Why Is It Easier to Give Advice Than to Take It?

This post was originally published on April 21, 2014. I will be back with new material in the first week of January.

285px-Person-exclaiming.svgA fascinating conversation on this topic sprung up on Twitter over the weekend. It seems to be much easier to give other people advice than to receive it. Why is that?

I think there are several reasons why this might be so.

 Talk Is Cheap. It’s always going to be easier to tell someone else how to live than to get into those habits ourselves. I also suspect that talking about something that is good for you makes some people feel like they’re taking a step in the right direction. If they can discuss it, maybe they’ll also be able to convince themselves to finally do it regularly.

Being Right Feels Great. It takes a humble person to admit when he or she is wrong, but it takes an even more humble person to resist the urge to make a big deal about it when they’re proven right.

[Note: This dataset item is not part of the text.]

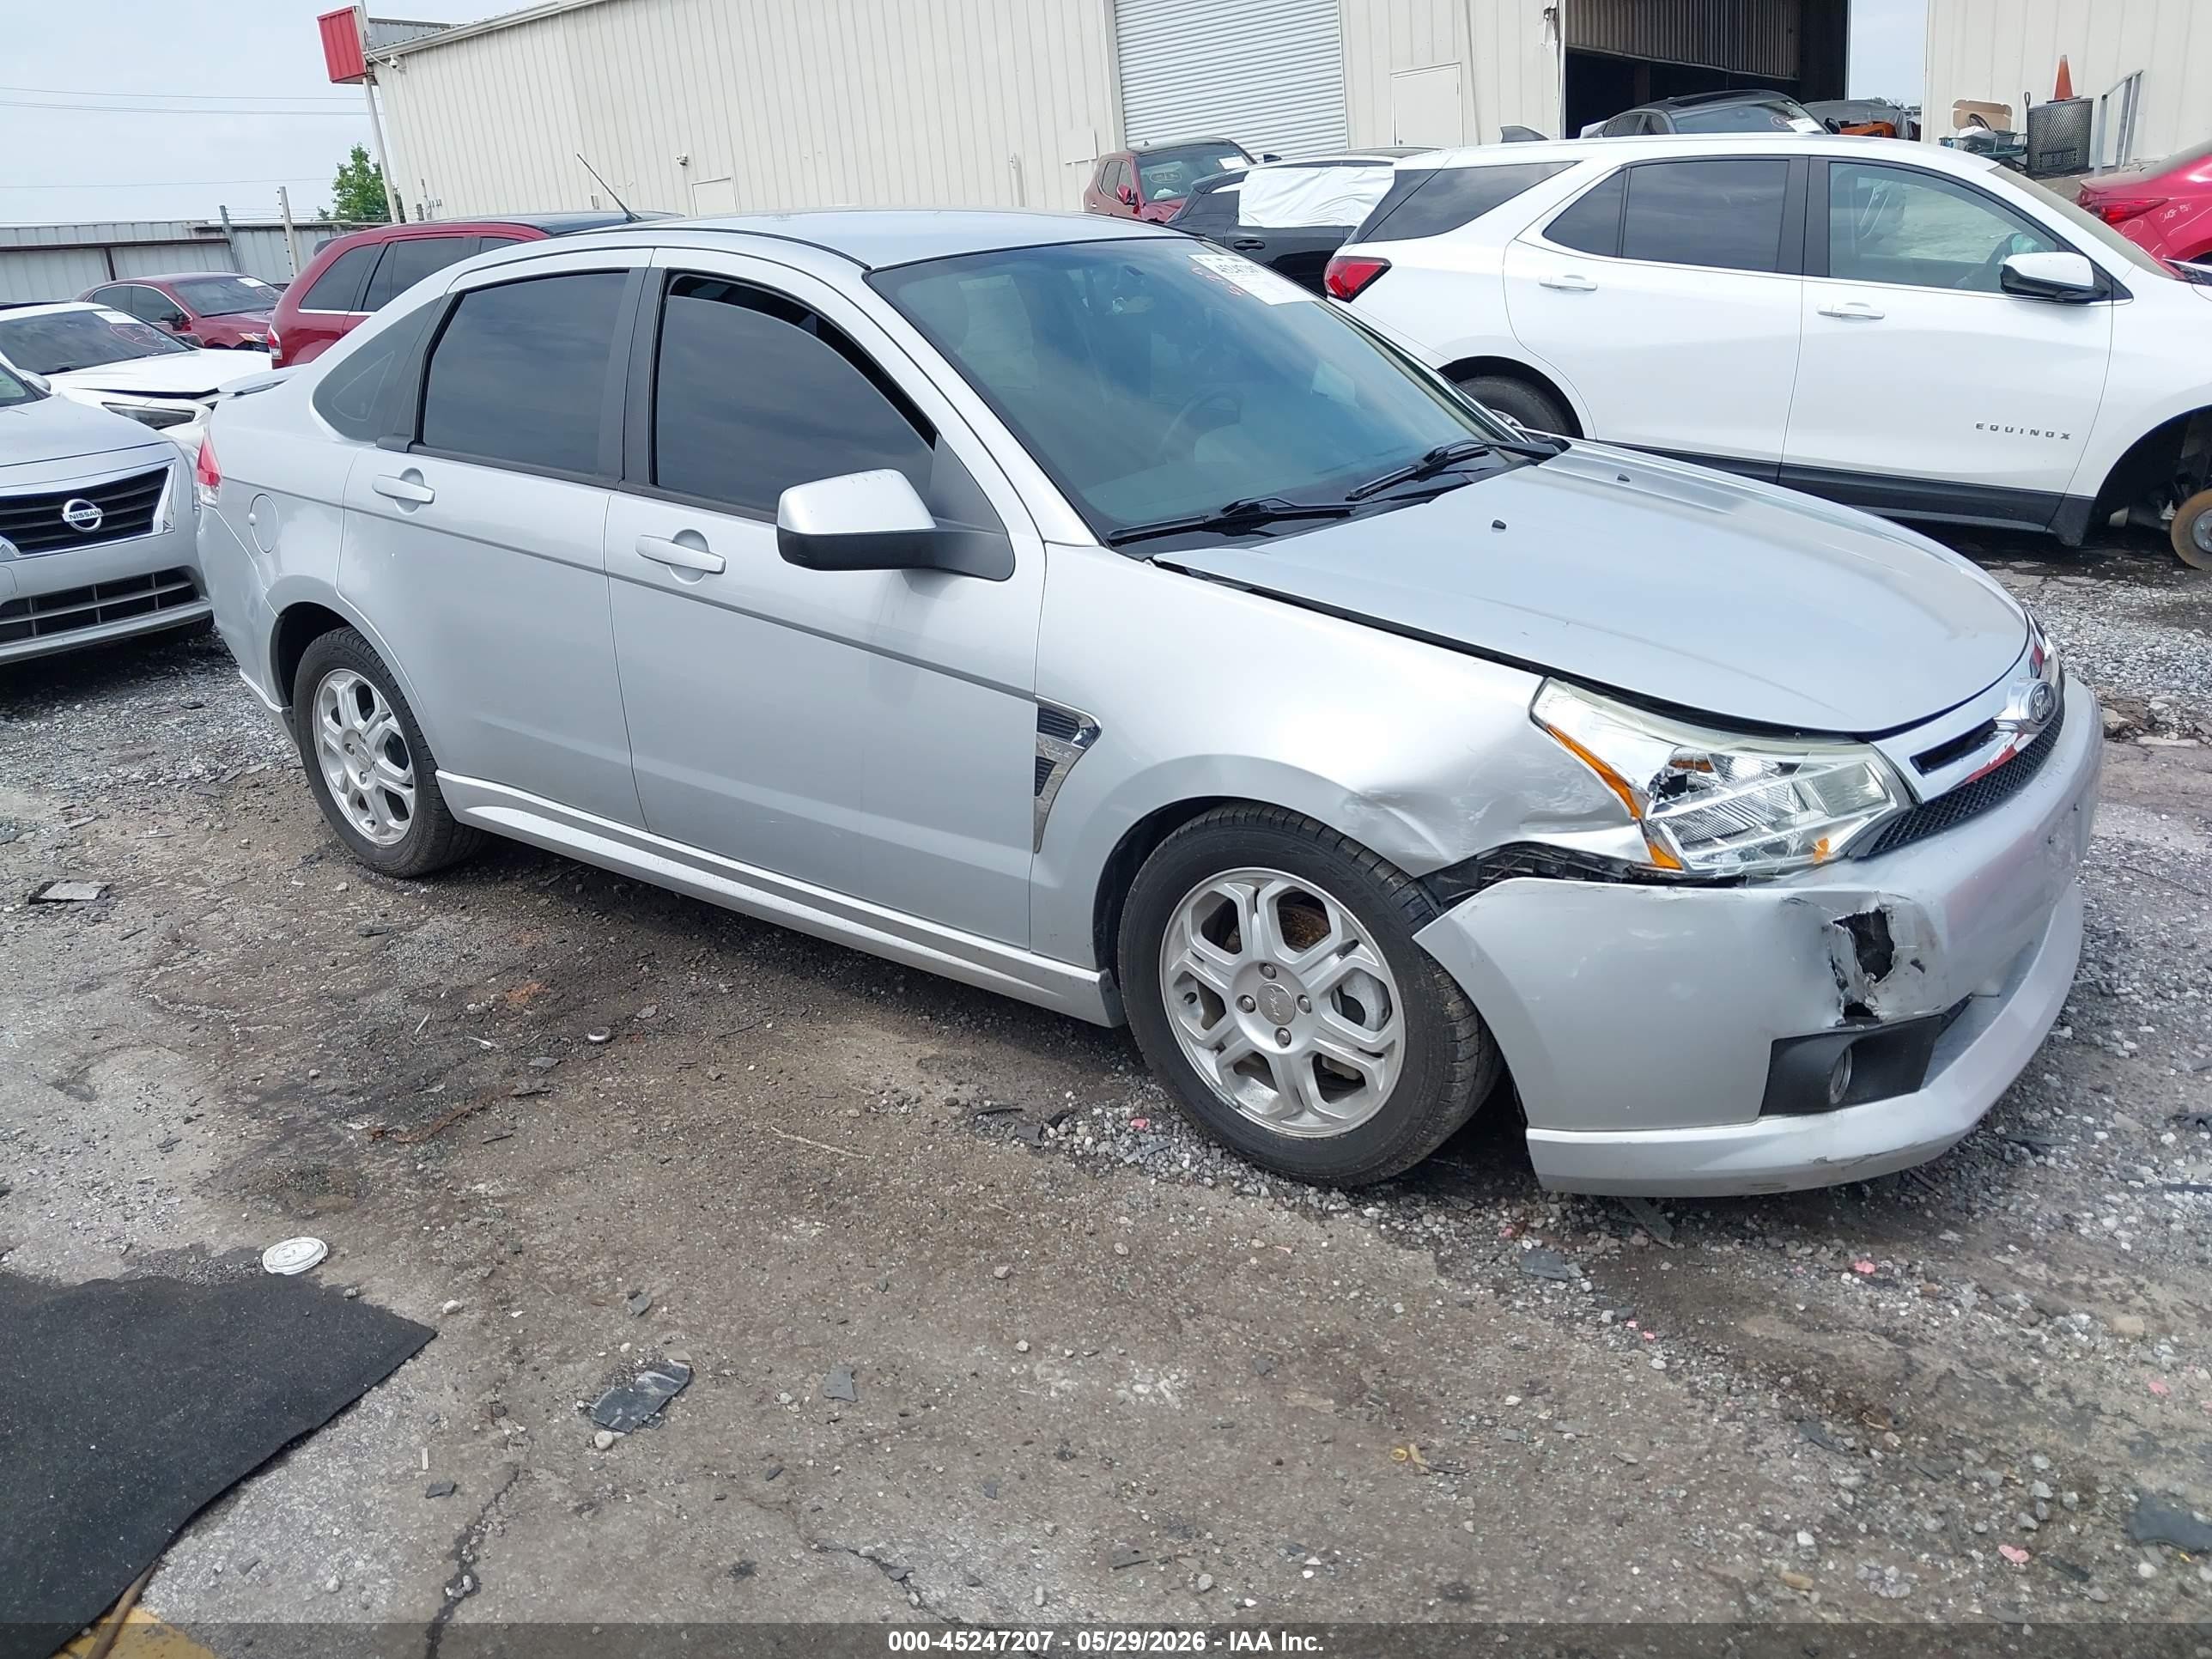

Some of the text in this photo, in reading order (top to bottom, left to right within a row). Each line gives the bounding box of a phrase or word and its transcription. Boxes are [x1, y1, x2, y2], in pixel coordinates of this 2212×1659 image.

[1975, 422, 2070, 440] EQUINOX
[69, 509, 100, 520] NISSAN
[2033, 689, 2053, 720] Ford

We Think It’s Helpful. Whether or not this is true varies widely from one situation to the next. I honestly do believe that most people have good intentions most of the time, though.

We’ve Made the Same Mistakes. Some people seem to have a very difficult time allowing others the same freedoms they enjoyed when they were younger. This isn’t always a bad thing, of course, but there is a big difference between sharing what you’ve learned the hard way and trying to control the lives of other adults.

Readers, what do you think? Have I missed anything?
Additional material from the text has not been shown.